X-Rite publishes official CIE L*a*b* D50 reference values for both chart formulations (pre- and post-November 2014) as downloadable CGATS text files. BabelColor provides averaged spectral data from 30 measured charts plus synthetic L*a*b* TIFF images. These are the ground truth — not "what my monitor shows" but "what CIE colorimetry says these patches are."

The reference data is committed to the repo as a small JSON file:

tests/fixtures/reference-targets/
├── README.md
├── colorchecker24_lab_d50.json          # 24 patches × (L*, a*, b*)
├── grayscale_density_steps.json         # N steps × optical density
├── colorchecker_synthetic_srgb.tiff     # 640×426, synthetic (for CI tier)
└── grayscale_synthetic_linear.tiff      # synthetic ramp (for CI tier)

The JSON files are tiny (<2 KB). The synthetic TIFFs are computer-generated from the reference L*a*b* values (per BabelColor/Lindbloom methodology) — pixel-perfect, zero noise, zero lens distortion. These are the CI-tier inputs: they test the software pipeline in isolation from any camera.

3. Assertion library — `chemigram.core.assertions`¶

A new module providing reusable assertion functions:

from chemigram.core.assertions import (
    assert_color_accuracy,      # Delta E 2000 per patch vs reference
    assert_tonal_response,      # gamma fit, linearity R², black/white clip
    assert_exposure_shift,      # "did applying expo_+0.5 shift mean L* by ~+N?"
    assert_wb_shift,            # "did wb_warm_subtle move a* and b* in the expected direction?"
    assert_histogram_stats,     # mean, stddev, clipping % for a region
    extract_patch_values,       # given a rendered image + patch coordinates, extract avg L*a*b*
)

Delta E 2000 is the industry standard metric for perceptual color difference. A Delta E of ~1 is a just-noticeable difference; professional calibration targets mean Delta E < 2.0, max < 4.0. These thresholds give us concrete pass/fail numbers:

Assertion	Pass threshold	Fail threshold
Mean Delta E (identity render)	< 3.0	> 5.0
Max Delta E (identity render)	< 6.0	> 10.0
Exposure shift direction	Correct sign	Wrong sign
Exposure shift magnitude	Within ±0.3 EV of expected	> 0.5 EV off
WB shift direction (a, b)	Correct quadrant	Wrong quadrant
Tonal linearity (R²)	> 0.98	< 0.95
Grayscale neutrality (max chroma)	< 3.0	> 6.0

Note: the "identity render" thresholds are deliberately loose because darktable's scene-referred pipeline applies auto-presets (sigmoid, etc.) — the baseline is not a camera-to-sRGB linear transform. The thresholds assert that darktable's own processing is stable, not that it matches a theoretical ideal.

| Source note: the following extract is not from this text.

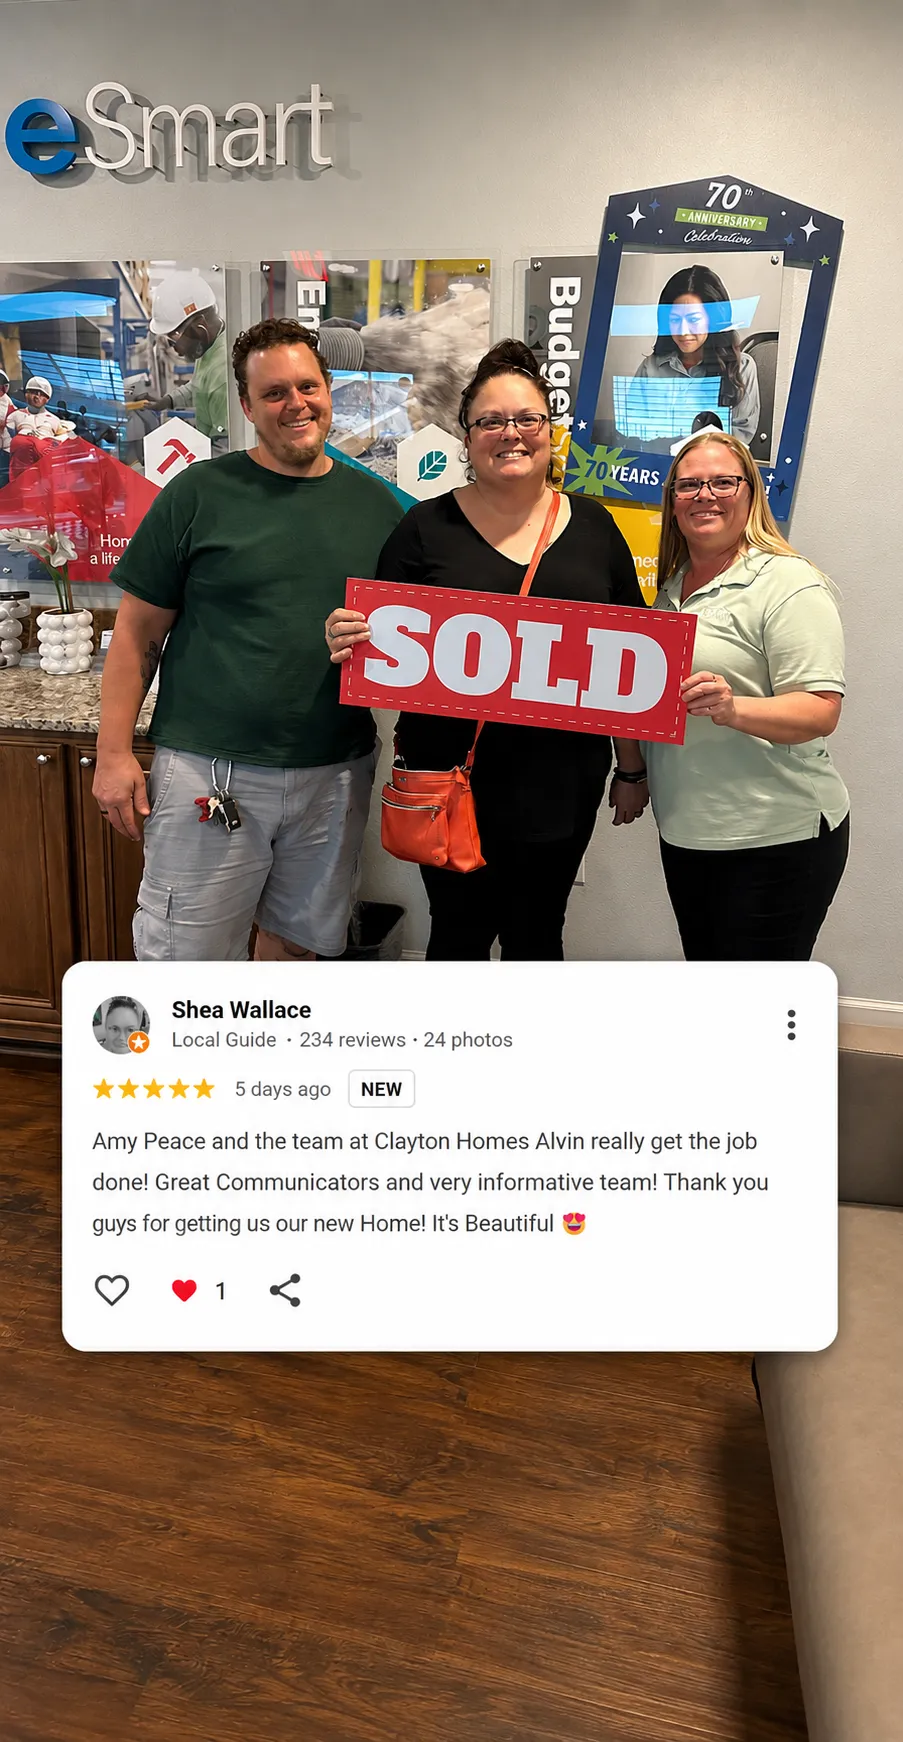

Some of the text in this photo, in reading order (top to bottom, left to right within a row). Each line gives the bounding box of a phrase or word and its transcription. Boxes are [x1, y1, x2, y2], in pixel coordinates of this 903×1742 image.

4. Test structure — synthetic-only (v0.2)¶

The reference-target tests live in the integration tier (CI-safe per ADR-036/-040), at tests/integration/test_reference_synthetic.py. Uses the committed synthetic TIFF fixtures — no darktable subprocess, no real RAW file. Validates the assertion library itself and the color math in the synthesizer and pipeline logic.

Example identity-render assertion:

def test_identity_colorchecker_synthetic():
    """The synthetic CC24 patches, extracted and converted back to
    L*a*b*, should match the published reference within Delta E < 1.0
    (limited only by sRGB gamut clipping on out-of-gamut patches)."""
    img = load_tiff("tests/fixtures/reference-targets/colorchecker_synthetic_srgb.tiff")
    patches = extract_patch_values(img, CC24_PATCH_COORDS)
    reference = load_reference("tests/fixtures/reference-targets/colorchecker24_lab_d50.json")
    result = assert_color_accuracy(patches, reference, max_mean_de=1.0, max_max_de=2.0)
    assert result.passed

Example direction-of-change assertion (no darktable required — synthesize applies modules to a baseline XMP, the assertion verifies the L*a*b* shift the synthesizer produces is in the right direction):

def test_synthesize_expo_plus_0p5_shift_direction():
    """Applying expo_+0.5 should cause the synthesized XMP's history
    to encode a positive exposure shift; this is verified by inspecting
    the resulting op_params bytes against a known mapping (or by a
    follow-on darktable e2e test if the chart shoot ever happens)."""
    # Implementation detail: the synthesizer doesn't render. Direction-
    # of-change at the synthesizer tier asserts the *intent* of the
    # change is encoded correctly. Pixel-level direction-of-change is
    # validated at the existing e2e tier with the Phase 0 raw.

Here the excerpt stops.